Avant d’envisager avec vous en quoi, dans le séminaire que nous étudions cette année, l’écriture du nœud borroméen déplace la question du sujet, je vous propose que nous nous arrêtions sur la tentative qui fut celle de Lacan, d’établir de manière rigoureuse le statut du sujet sur lequel la psychanalyse opère. Tentative qui répond à mon sens à la question que Freud se posait dans les termes suivants : comment situer l’inconscient sans le transformer en une seconde conscience ? Comment rendre compte du sujet de l’inconscient, en tant qu’il fait entendre la dimension du désir articulé dans l’Autre, sans l’identifier au sujet de la connaissance ? C’est-à-dire à un sujet qui serait en mesure d’articuler le désir inconscient dans un énoncé au titre d’un je (j-e, pronom personnel) ? Ou encore, comment situer le sujet De l’inconscient sans lui supposer une substance, sans en faire un sujet dans l’inconscient ?

Ce que je vous dis là a été l’enjeu – vous pourrez vous y reporter à partir de la correspondance qu’ils ont échangé – du débat entre Freud et Jung. Jung a identifié un sujet dans l’inconscient, ce à quoi Freud s’est toujours refusé. Autrement dit, comment distinguer le sujet auquel nous nous référons dans notre pratique de psychanalyste, du sujet qui est celui de la tradition philosophique ou religieuse ? Je vous renvoie sur ce point au texte des Écrits, à Subversion du sujet et dialectique du désir dans l’inconscient freudien.

Afin de marquer cette distinction radicale du sujet de l’inconscient d’avec le sujet philosophique (sujet philosophique qui est le sujet de l’Autre de la connaissance), Lacan opère dans La science et la vérité, autre texte des Écrits, une mise au point décisive. Je vais citer Lacan un peu longuement :

Dire que le sujet sur quoi nous opérons en psychanalyse ne peut être que le sujet de la science, peut passer pour un paradoxe. C’est pourtant là que doit être prise une démarcation, faute de quoi tout se mêle et commence une malhonnêteté que l’on appelle ailleurs objective ; mais c’est manque d’audace et manque d’avoir repéré l’objet qui foire. De notre position de sujet, nous sommes toujours responsables.

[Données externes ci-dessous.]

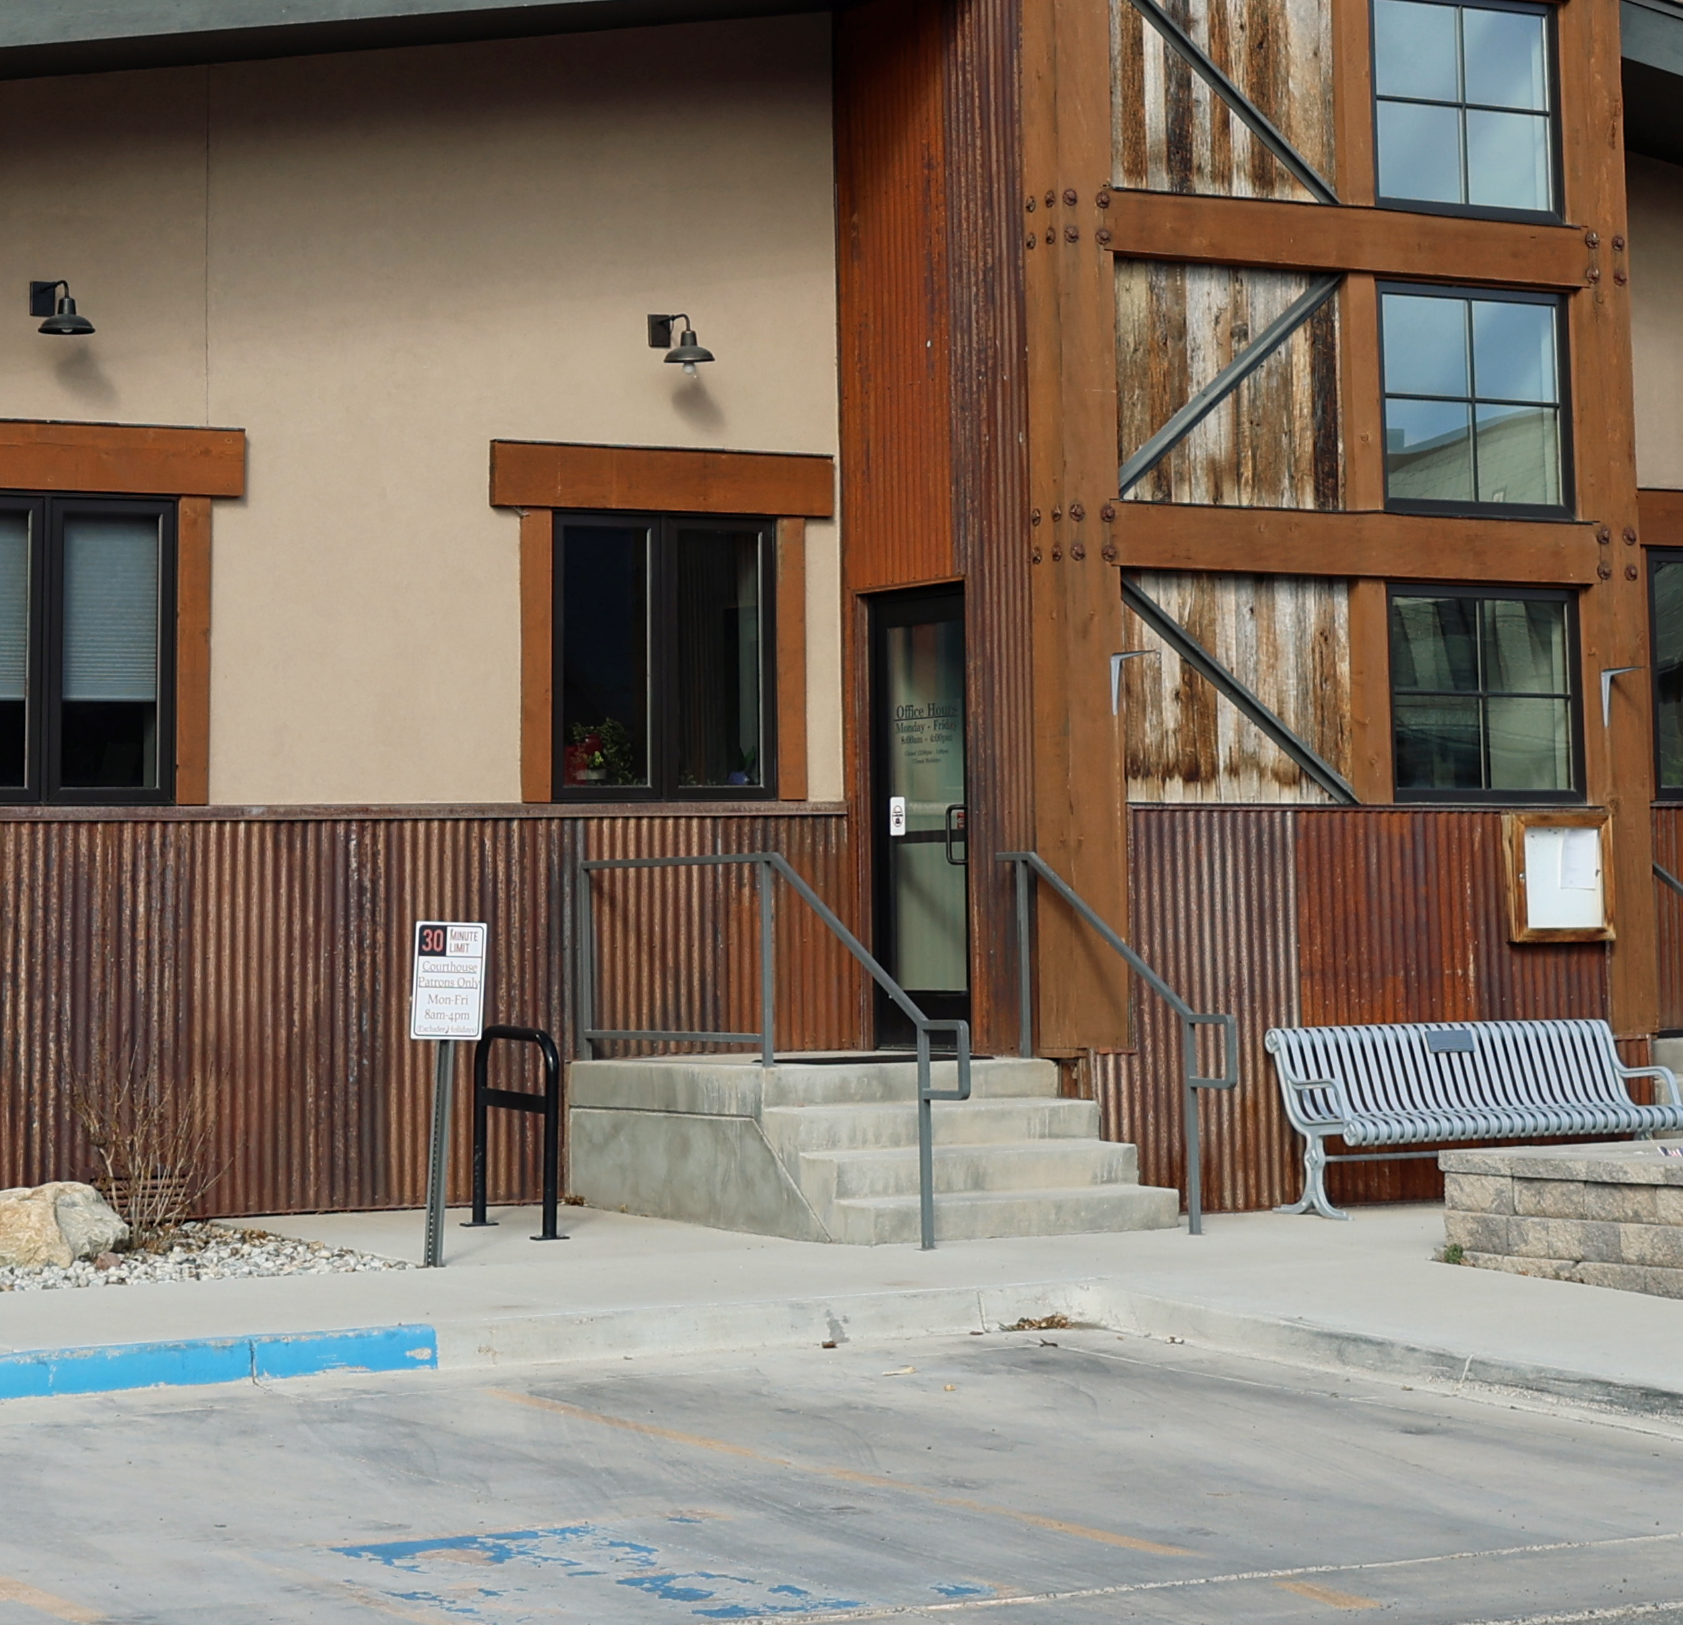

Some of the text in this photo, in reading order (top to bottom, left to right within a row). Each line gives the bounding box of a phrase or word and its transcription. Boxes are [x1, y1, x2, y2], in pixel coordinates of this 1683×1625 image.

Si vous en êtes arrivés à la troisième leçon (leçon du 11 décembre 1973) – je fais là une incidente – vous savez que Lacan évoque ceci à propos d’un énoncé assez remarquable et un peu énigmatique sur lequel je pourrais revenir – il évoque ceci : c’est que la réponse de l’inconscient implique le sans pardon et même sans circonstance atténuante puisque, nous dit-il : ce que vous faites sait (s-a-i-t), mais on peut l’entendre dans l’équivoque aussi bien c’est (c ’e-s-t), puisque ce que vous faites sait, ce que vous êtes, sait vous. Autrement dit, quoi que vous fassiez, c’est strictement déterminé et ça correspond à une réponse de l’inconscient dont vous êtes responsables. Même si ce que vous faites sait ce que vous êtes, vous-même ne le savez pas, à moins d’être allé au terme d’une psychanalyse. Je ferme la parenthèse.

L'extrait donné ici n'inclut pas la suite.